君といると心が休まる | ナノ
跡部視点


「なまえ、今日は俺が淹れてやるからお前は座って待ってろ。」

生徒会室に入ってすぐに給湯スペースへ向かおうとする彼女に声をかければ、驚いたように俺を振り返った。

「景吾くん、紅茶淹れられるの?」

「…お前、俺を何だと思ってやがる。普段は自分でやる必要が無いというだけで、淹れ方くらい知っている。」

「そ、そうだよね。ごめんなさい。」

「いちいち謝らなくていい。それより、珍しい茶葉が手に入ったんだ。楽しみに待ってな。」

「うん、ありがとう。」

今度はちゃんと笑った彼女に満足して、俺は奥にある給湯スペースに向かった。



「わぁ…可愛い。」

淹れたての紅茶と色とりどりのマカロン・パリジャンを並べた皿をテーブルの上に置くと、彼女はパッと目を輝かせた。

「ほんとに甘いものが好きだよな。」

自分の分の紅茶もテーブルに置き、彼女の隣に腰を下ろす。

「うん、好きだよ。…早速もらってもいいかな?」

期待に満ちた彼女の様子に、自分の口許には自然と笑みが浮かぶ。

「勿論だ。遠慮しねぇで好きなだけ食べな。」

「ありがとう。でも、そんなにたくさんは食べないよ。…多分、だけどね。」

小さく笑った彼女は迷っているらしく、皿に並んだマカロンをじっと見ている。

「これにしたらどうだ?」

取り敢えず無難に、ショコラ味のマカロンを摘まみ、彼女の口元に近付ける。

「け、景吾くんっ…?!」

「ほら、口を開けろ。……なまえ。」

「っ、……いただき、ます。」

名前を呼んで促すと、彼女は恥ずかしそうに頬を染めながら、俺の手にあるマカロンを小さくかじった。

「それで味が分かるのかよ?」

からかうように言ってやると、彼女はますます頬を紅くして俺を睨んできた。

全く迫力が無いどころか可愛いだけだが。

「こんな食べさせられ方をしたら、どのみち味なんて分からないよ。」

「勿体無ぇな。美味いのに。」

彼女を見返しながら、少しだけかじられたマカロンを自分の口に入れる。

「どうした?」

「な、なんでもないよ…っ」

わざと口の端を上げて見せると、彼女は俺から視線を逸らして湯気の立っているティーカップを手に取った。
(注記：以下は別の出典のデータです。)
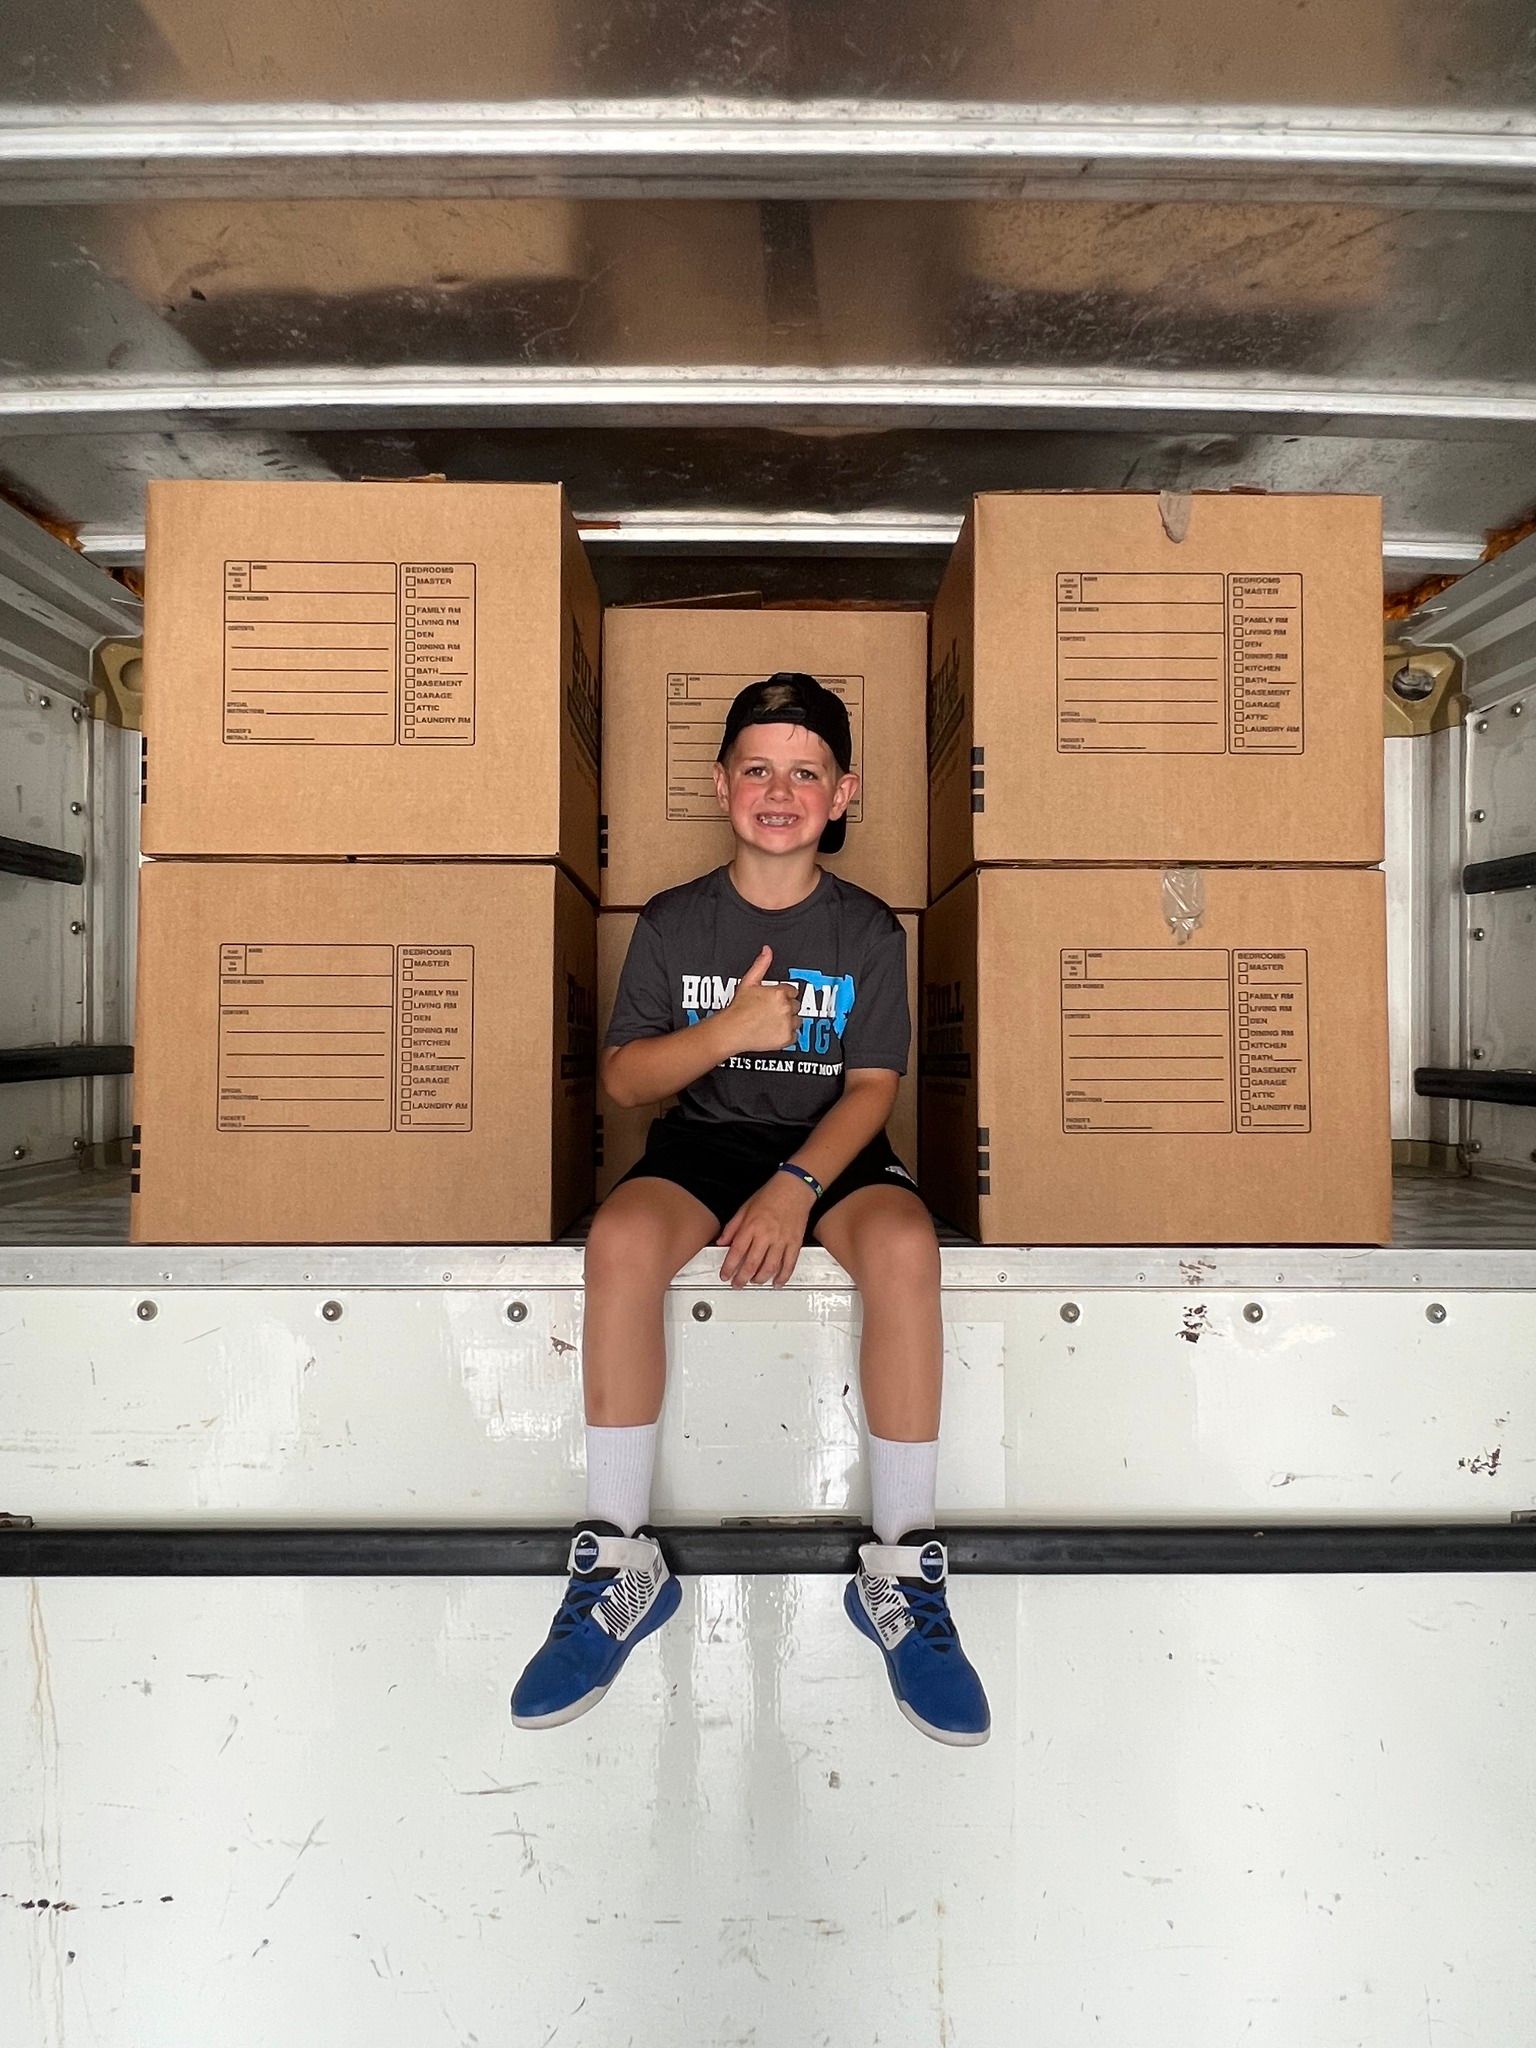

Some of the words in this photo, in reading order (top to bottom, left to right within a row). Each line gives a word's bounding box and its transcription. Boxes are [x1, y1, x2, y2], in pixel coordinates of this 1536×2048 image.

[682, 975, 742, 1010] HOM
[761, 980, 839, 1018] AM
[729, 1057, 751, 1070] FL'S
[754, 1059, 795, 1072] CLEAN
[797, 1061, 818, 1074] CUT
[413, 1102, 453, 1110] LAUNDRY
[455, 1102, 468, 1110] RM
耳まで紅くしてティーカップを傾ける彼女の姿に、俺は口許の笑みを深める。

「ほんのり甘くておいしいね、この紅茶。」

「気に入ったのなら何よりだ。」

まだ少し頬を染めたままで笑顔を向ける彼女に軽く笑い返し、自分も深いオレンジ色をした紅茶を口に運んだ。


(2012.03.17)
 

【ジョルジ】
水色は深いオレンジ色。ストレートティー向き。甘い風味が特徴。ロシアの紅茶で、日本国内では滅多にお目にかかれないらしい。